= Aim of the task =
A faithful copy of every entry is the goal; keep the images out of it.

= Raw data =

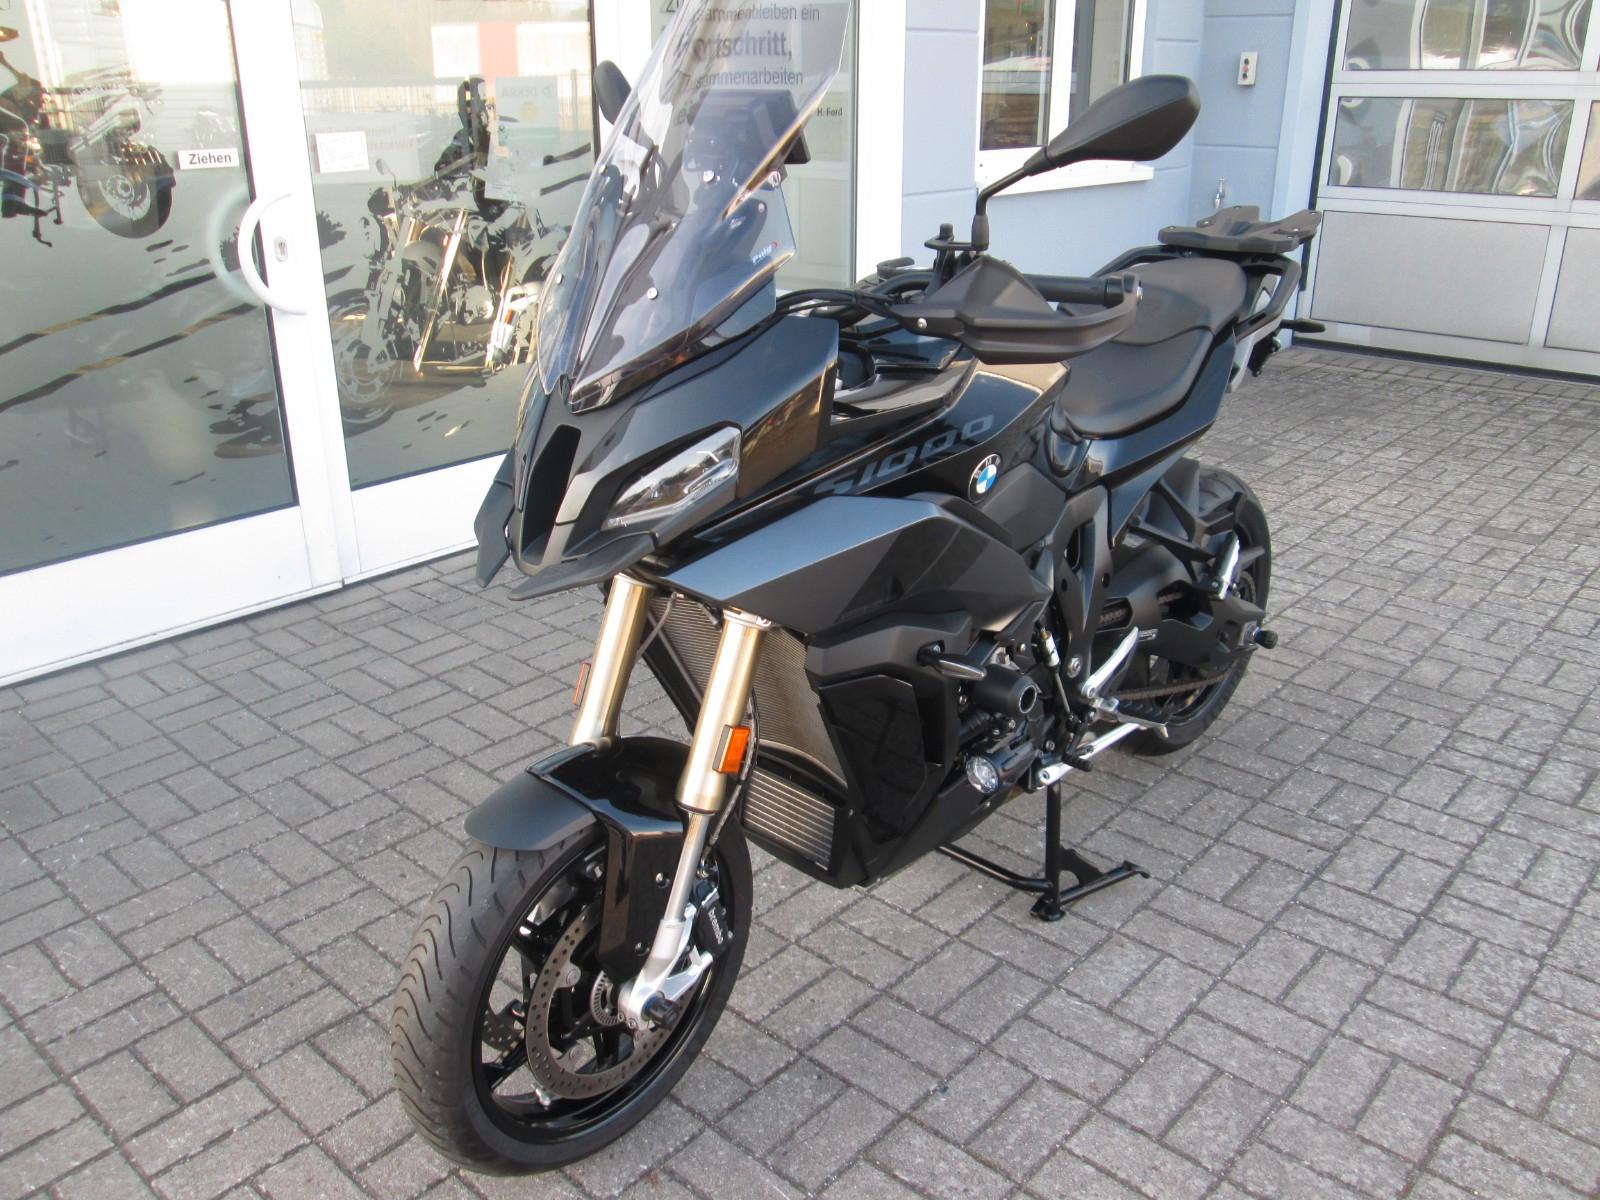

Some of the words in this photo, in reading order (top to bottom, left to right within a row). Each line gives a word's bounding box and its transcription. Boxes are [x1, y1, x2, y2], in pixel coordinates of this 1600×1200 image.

[801, 4, 820, 21] ein
[188, 152, 232, 166] Ziehen
[708, 908, 724, 945] brembo
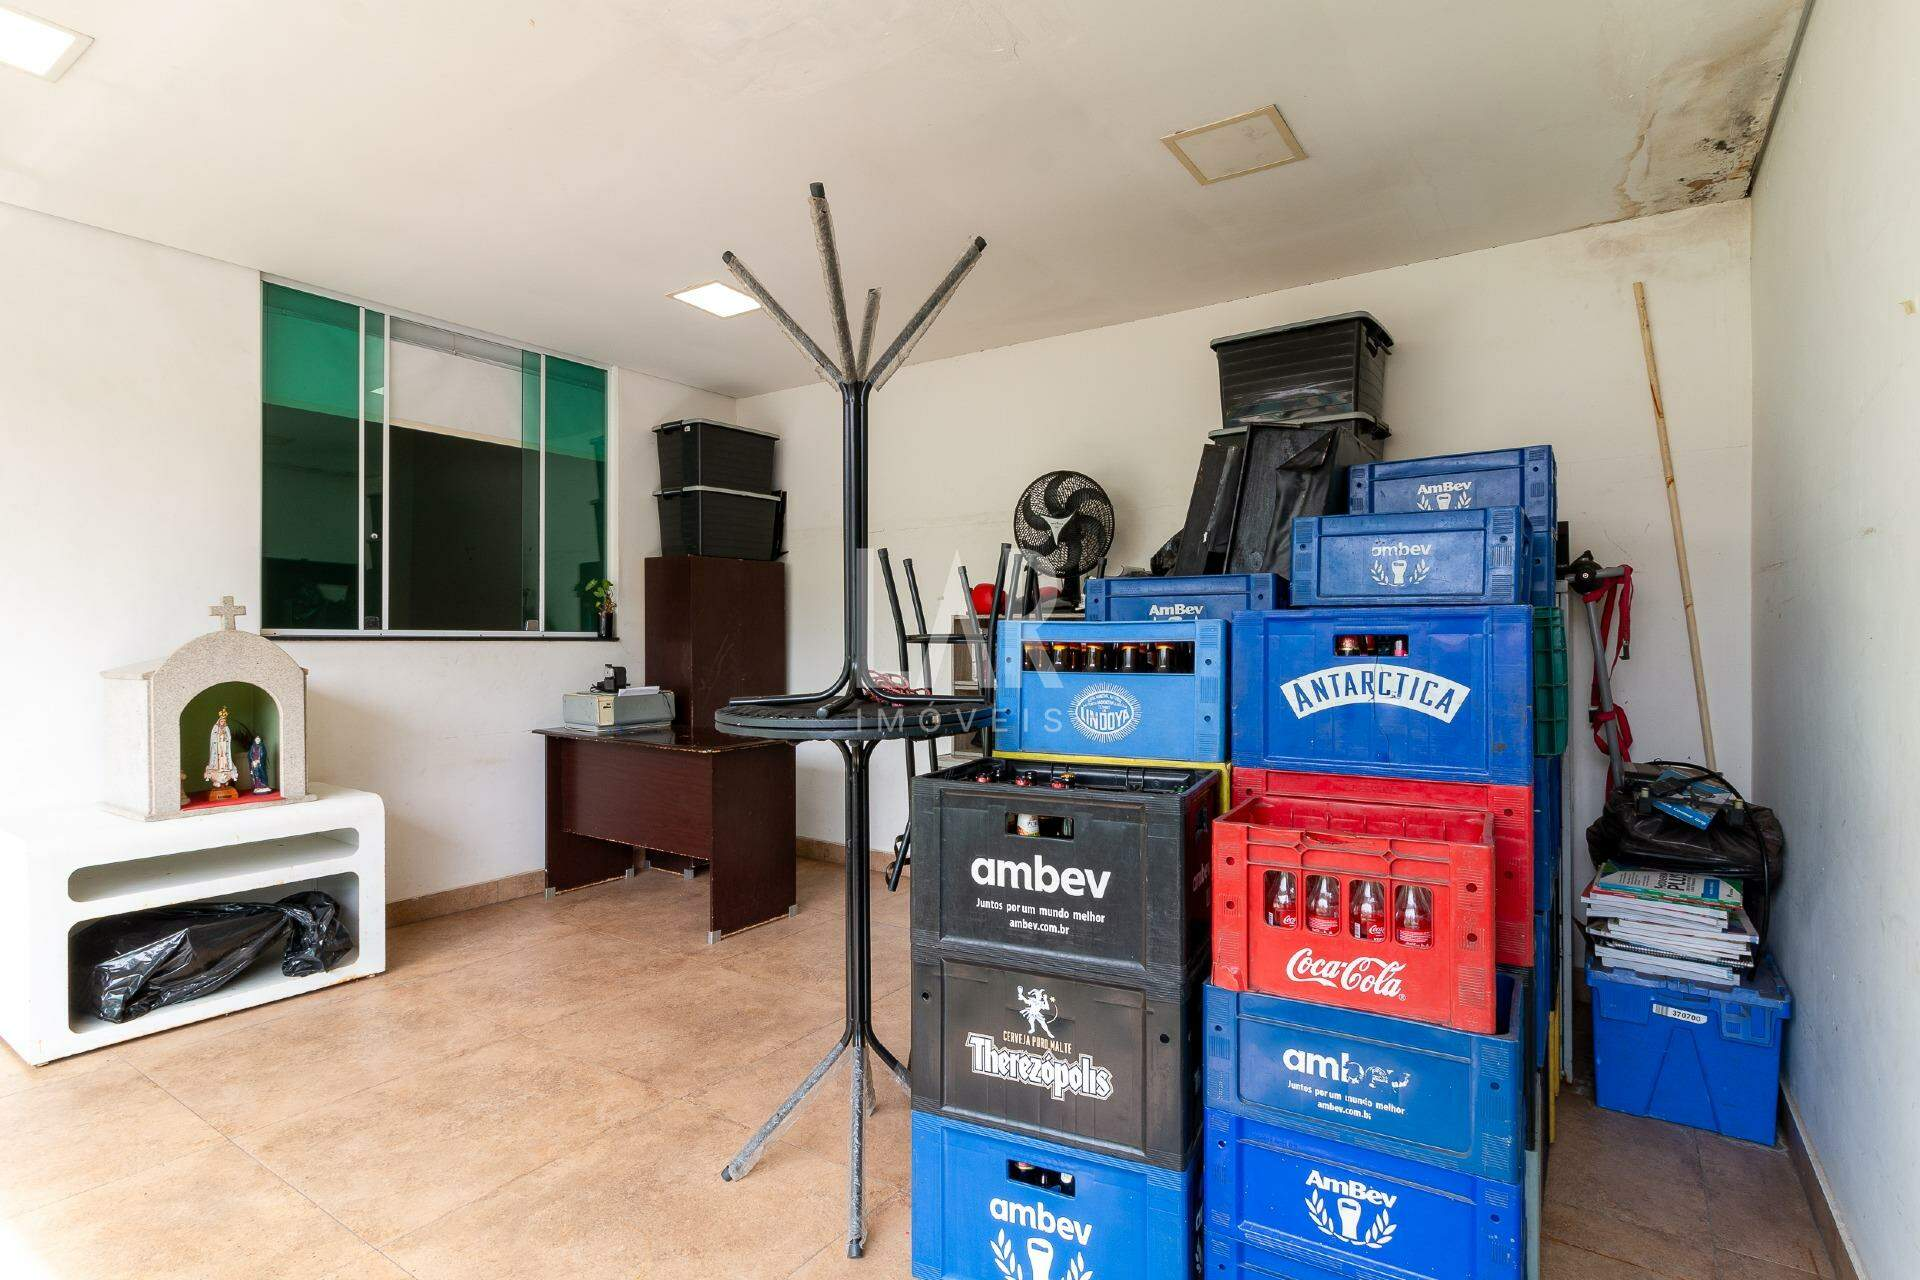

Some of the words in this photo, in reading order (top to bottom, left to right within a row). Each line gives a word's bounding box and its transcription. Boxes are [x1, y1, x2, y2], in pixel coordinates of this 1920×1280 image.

[1417, 481, 1472, 495] AmBev
[1371, 542, 1432, 557] ambev
[1149, 604, 1203, 616] AmBev
[1293, 670, 1456, 714] ANTARCTICA
[971, 855, 1111, 898] ambev
[976, 898, 1003, 910] Juntos
[1006, 902, 1020, 913] por
[1021, 904, 1036, 915] um
[1039, 906, 1070, 919] mundo
[1072, 910, 1105, 923] melhor
[1009, 919, 1070, 935] ambev.com.br
[1286, 947, 1407, 998] Coca-Cola
[1003, 1030, 1031, 1046] CERVEJA
[1032, 1035, 1049, 1049] PURO
[1050, 1039, 1072, 1054] MALTE
[966, 1032, 1113, 1101] Therezópolis
[1288, 1080, 1313, 1094] Juntos
[1314, 1087, 1328, 1098] por
[1328, 1090, 1342, 1101] um
[1375, 1101, 1406, 1115] melhor
[1305, 1169, 1397, 1208] AmBev
[989, 1198, 1093, 1246] ambev
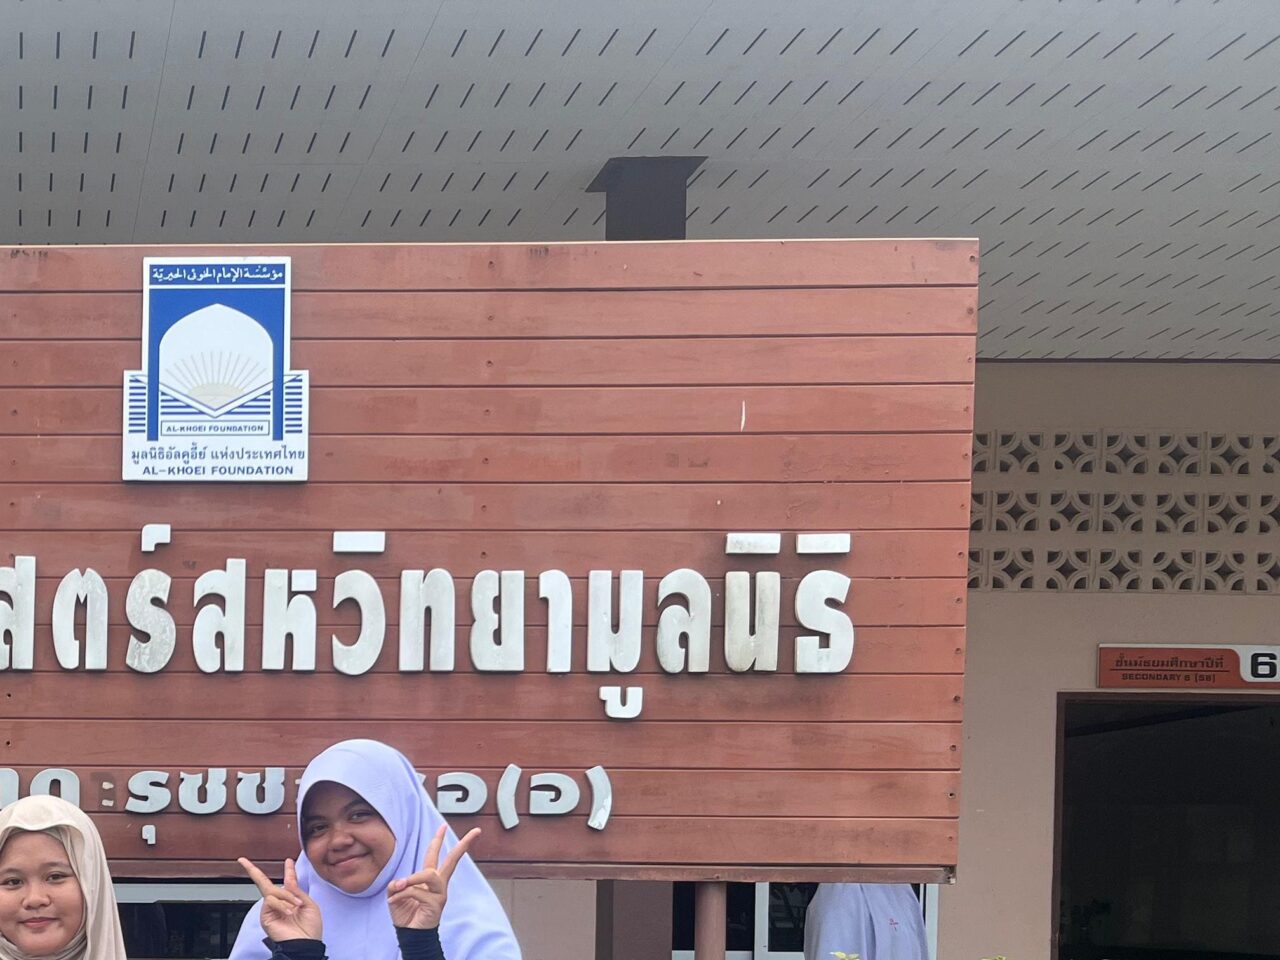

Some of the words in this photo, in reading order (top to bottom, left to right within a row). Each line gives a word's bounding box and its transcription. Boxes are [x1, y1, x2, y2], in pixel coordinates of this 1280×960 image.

[211, 444, 305, 460] แห่งประเทศไทย
[211, 465, 294, 475] FOUNDATION
[1251, 652, 1277, 678] 6
[1121, 673, 1181, 681] SECONDARY

= Response to this exercise =
Some of the words in this photo, in reading order (top to bottom, left to right within a row). Each line gives a word's bounding box and its transcription. Boxes are [x1, y1, x2, y2], in pixel coordinates of this 1600×1200 image.

[801, 4, 820, 21] ein
[188, 152, 232, 166] Ziehen
[708, 908, 724, 945] brembo

Some of the words in this photo, in reading order (top to bottom, left to right within a row). Each line gives a word's bounding box and its transcription. Boxes are [x1, y1, x2, y2], in pixel coordinates of this 1920×1280 image.

[1417, 481, 1472, 495] AmBev
[1371, 542, 1432, 557] ambev
[1149, 604, 1203, 616] AmBev
[1293, 670, 1456, 714] ANTARCTICA
[971, 855, 1111, 898] ambev
[976, 898, 1003, 910] Juntos
[1006, 902, 1020, 913] por
[1021, 904, 1036, 915] um
[1039, 906, 1070, 919] mundo
[1072, 910, 1105, 923] melhor
[1009, 919, 1070, 935] ambev.com.br
[1286, 947, 1407, 998] Coca-Cola
[1003, 1030, 1031, 1046] CERVEJA
[1032, 1035, 1049, 1049] PURO
[1050, 1039, 1072, 1054] MALTE
[966, 1032, 1113, 1101] Therezópolis
[1288, 1080, 1313, 1094] Juntos
[1314, 1087, 1328, 1098] por
[1328, 1090, 1342, 1101] um
[1375, 1101, 1406, 1115] melhor
[1305, 1169, 1397, 1208] AmBev
[989, 1198, 1093, 1246] ambev

Some of the words in this photo, in reading order (top to bottom, left to right within a row). Each line gives a word's bounding box and its transcription. Boxes are [x1, y1, x2, y2], in pixel coordinates of this 1280×960 image.

[211, 444, 305, 460] แห่งประเทศไทย
[211, 465, 294, 475] FOUNDATION
[1251, 652, 1277, 678] 6
[1121, 673, 1181, 681] SECONDARY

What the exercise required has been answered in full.